If an entry below holds a picture, leave the picture out and print the rest exactly.

(Saved entries)
--

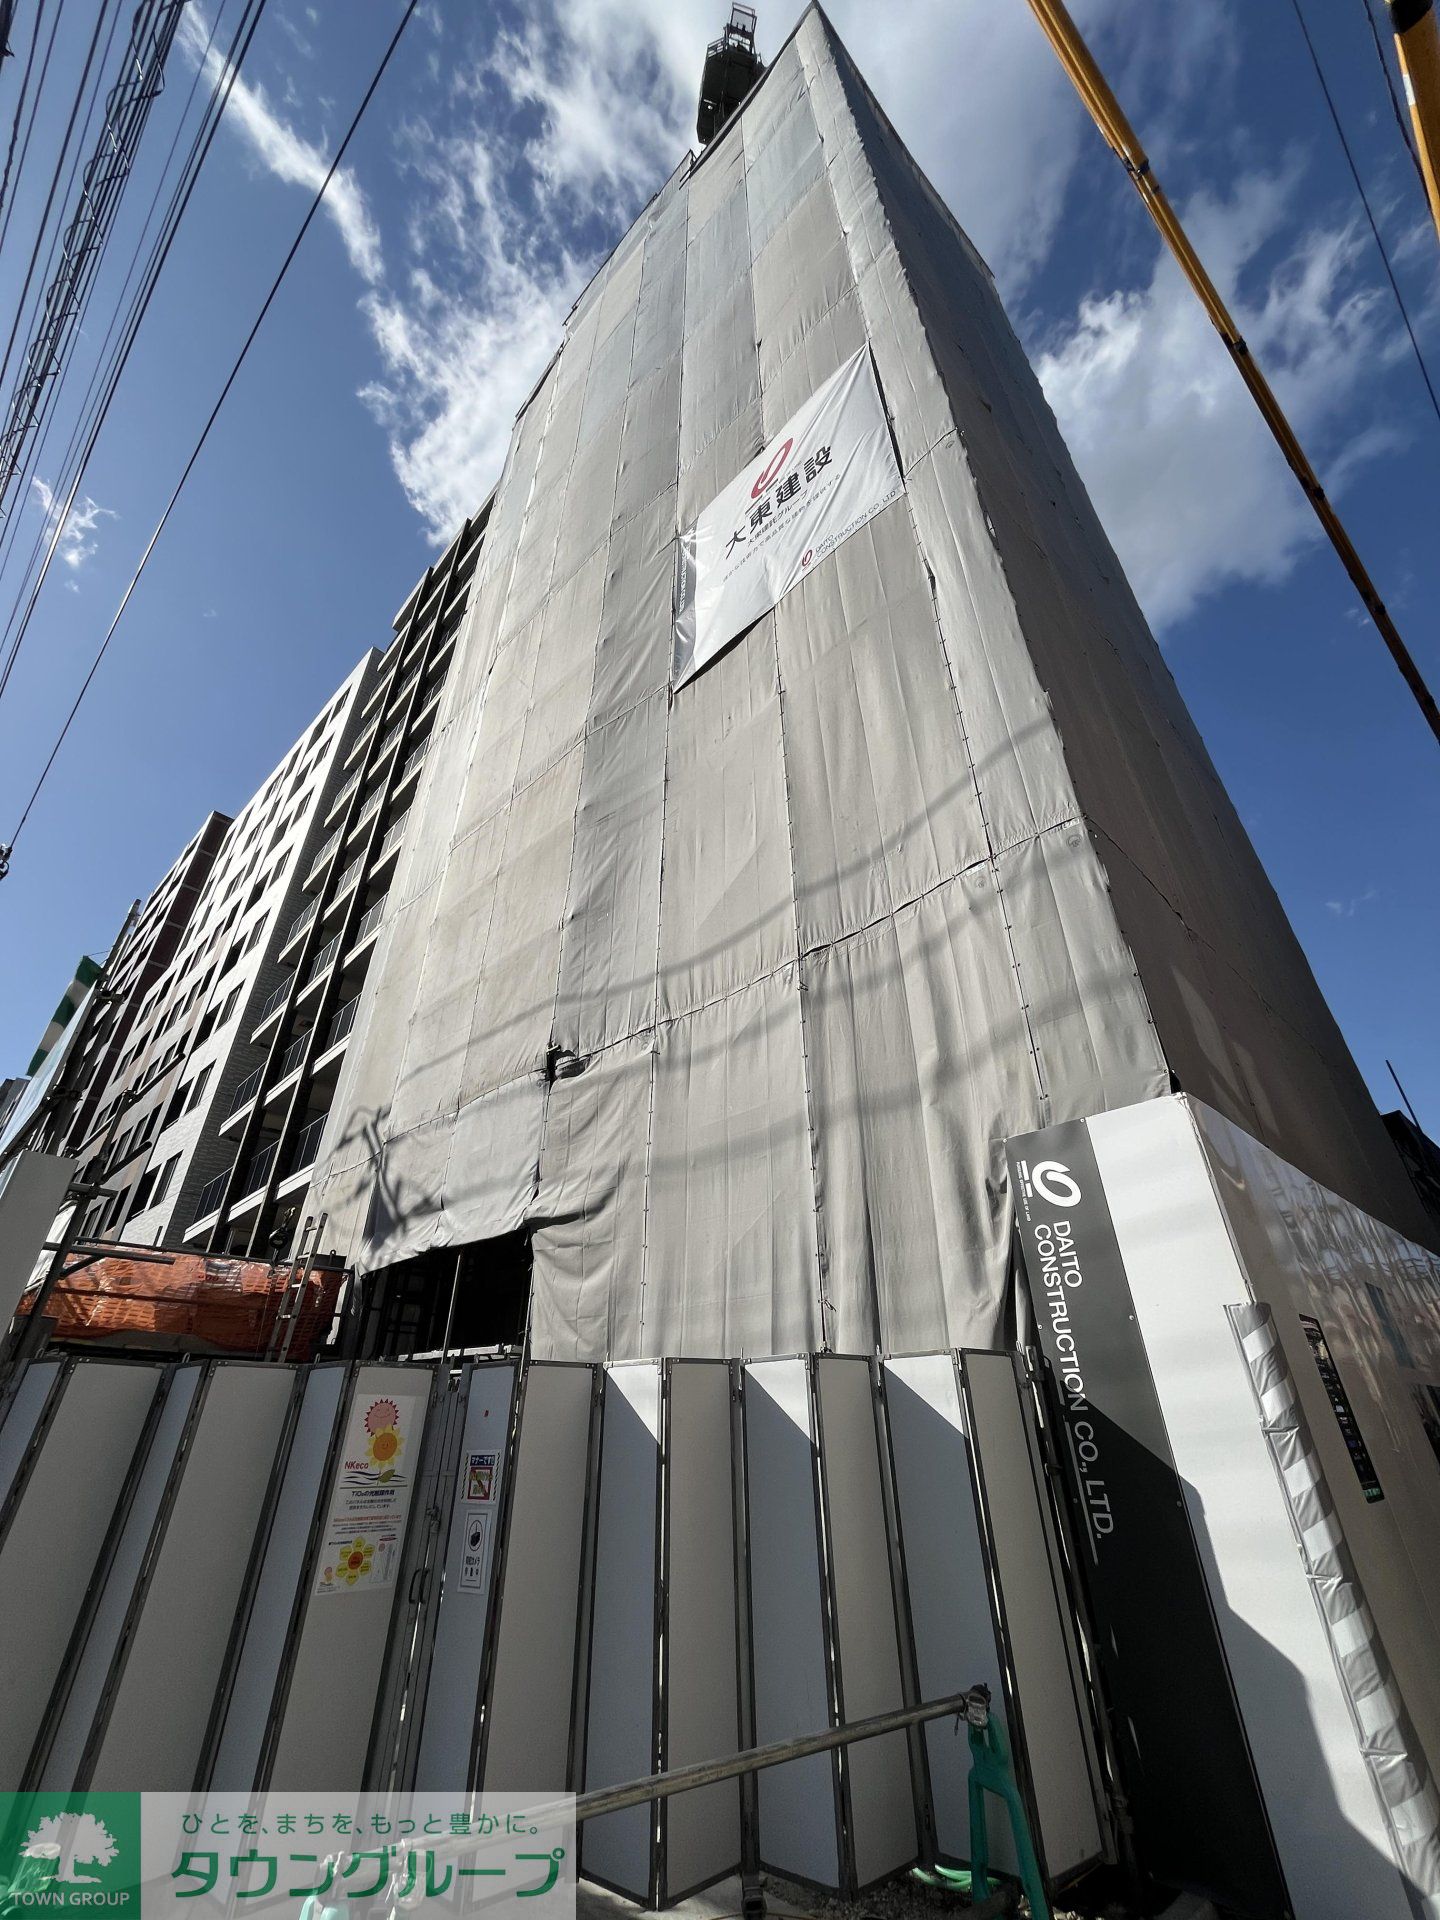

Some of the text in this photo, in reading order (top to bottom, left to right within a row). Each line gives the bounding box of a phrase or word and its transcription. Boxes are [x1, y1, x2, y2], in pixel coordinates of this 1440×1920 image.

[725, 445, 833, 560] 大東建設
[815, 534, 834, 553] DAITO
[817, 512, 867, 558] CONSTRUCTION
[1053, 1220, 1082, 1288] DAITO
[1034, 1224, 1114, 1539] CONSTRUCTION CO., LTD.
[344, 1461, 369, 1469] NKeco

--

◆ Task result ◆
Some of the text in this photo, in reading order (top to bottom, left to right within a row). Each line gives the bounding box of a phrase or word and its transcription. Boxes are [x1, y1, x2, y2], in pixel coordinates of this 1440×1920 image.

[725, 445, 833, 560] 大東建設
[815, 534, 834, 553] DAITO
[817, 512, 867, 558] CONSTRUCTION
[1053, 1220, 1082, 1288] DAITO
[1034, 1224, 1114, 1539] CONSTRUCTION CO., LTD.
[344, 1461, 369, 1469] NKeco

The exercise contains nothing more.